[Spatial localization data]
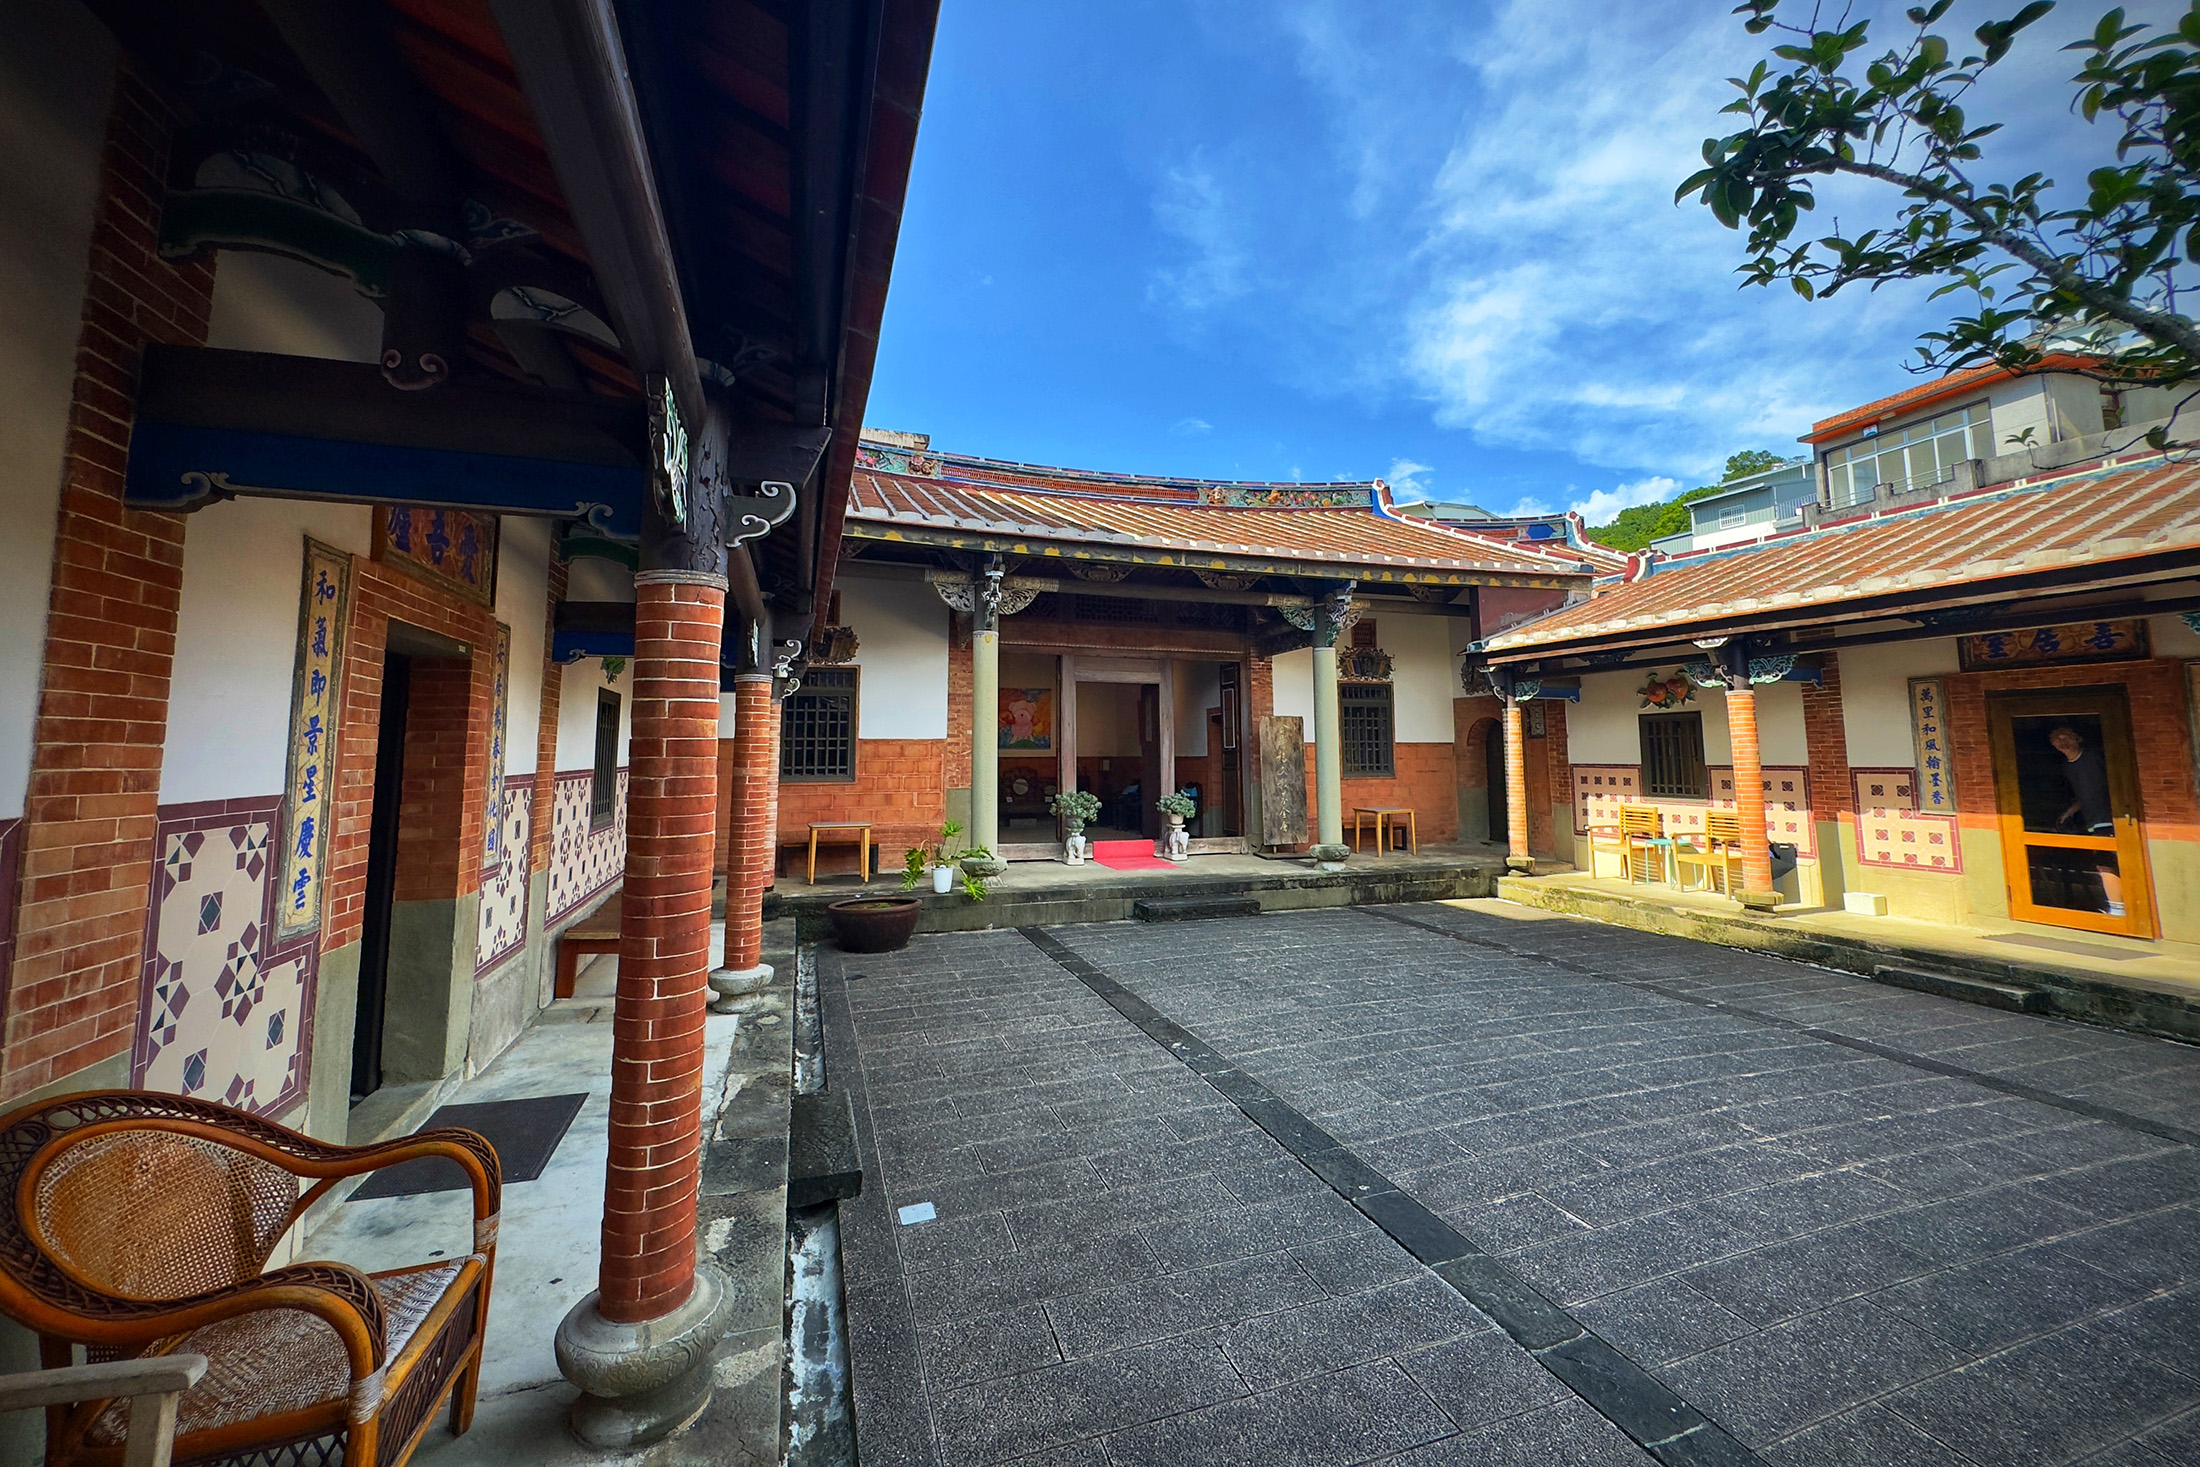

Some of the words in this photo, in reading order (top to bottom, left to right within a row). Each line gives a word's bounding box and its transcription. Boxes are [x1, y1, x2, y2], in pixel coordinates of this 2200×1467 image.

[1920, 687, 1945, 805] 萬里和風翰墨香
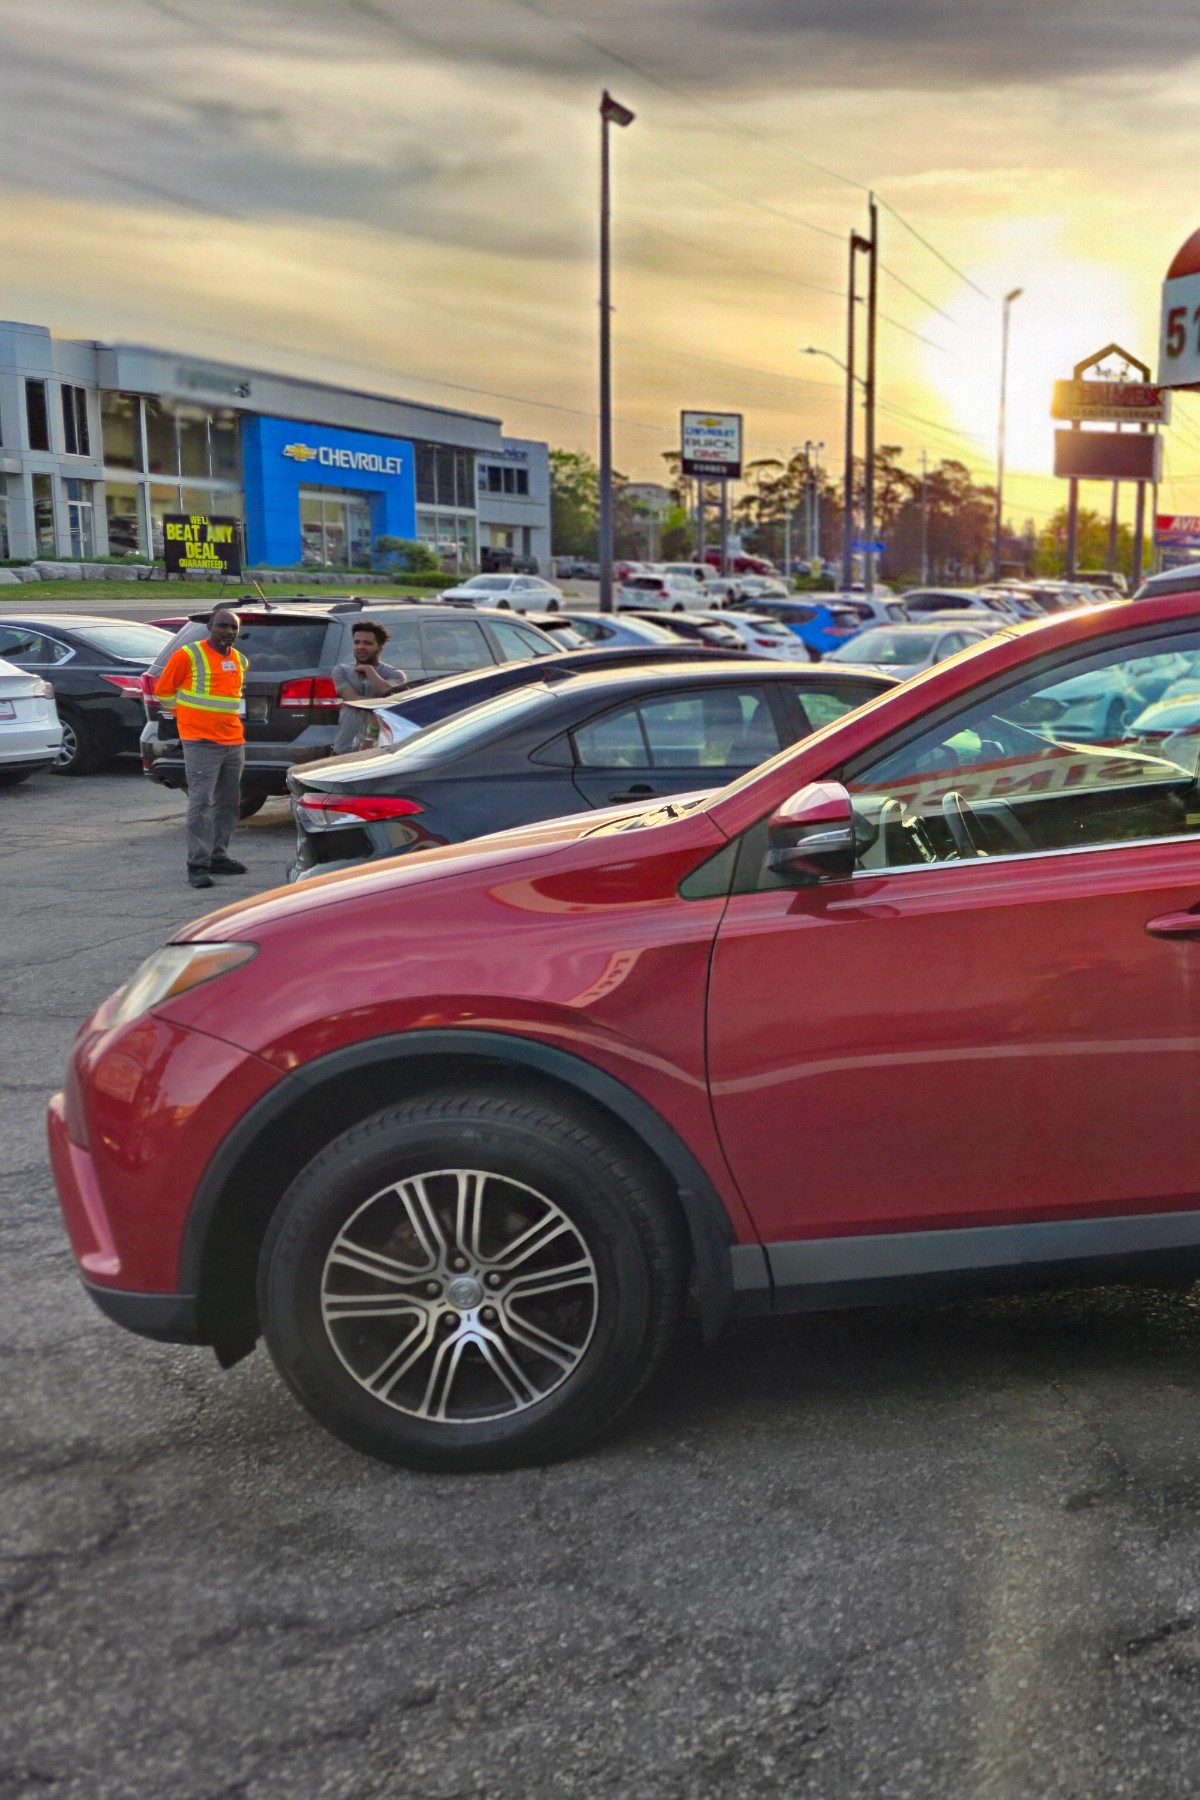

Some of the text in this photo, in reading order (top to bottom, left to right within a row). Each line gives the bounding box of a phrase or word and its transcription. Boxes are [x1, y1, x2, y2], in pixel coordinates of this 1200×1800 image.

[685, 438, 735, 449] BUICK
[318, 446, 403, 475] CHEVROLET
[693, 450, 728, 459] GMC
[166, 523, 233, 543] BEAT ANY
[186, 542, 219, 560] DEAL

BRIEF:
The result should be an exact repetition of all the records. Drop the pictures.

PROBLEM SOLUTION:
Some of the words in this photo, in reading order (top to bottom, left to right within a row). Each line gives a word's bounding box and its transcription. Boxes are [x1, y1, x2, y2], in pixel coordinates of this 2200×1467 image.

[1920, 687, 1945, 805] 萬里和風翰墨香

Some of the text in this photo, in reading order (top to bottom, left to right within a row). Each line gives the bounding box of a phrase or word and its transcription. Boxes are [x1, y1, x2, y2], in pixel coordinates of this 1200×1800 image.

[685, 438, 735, 449] BUICK
[318, 446, 403, 475] CHEVROLET
[693, 450, 728, 459] GMC
[166, 523, 233, 543] BEAT ANY
[186, 542, 219, 560] DEAL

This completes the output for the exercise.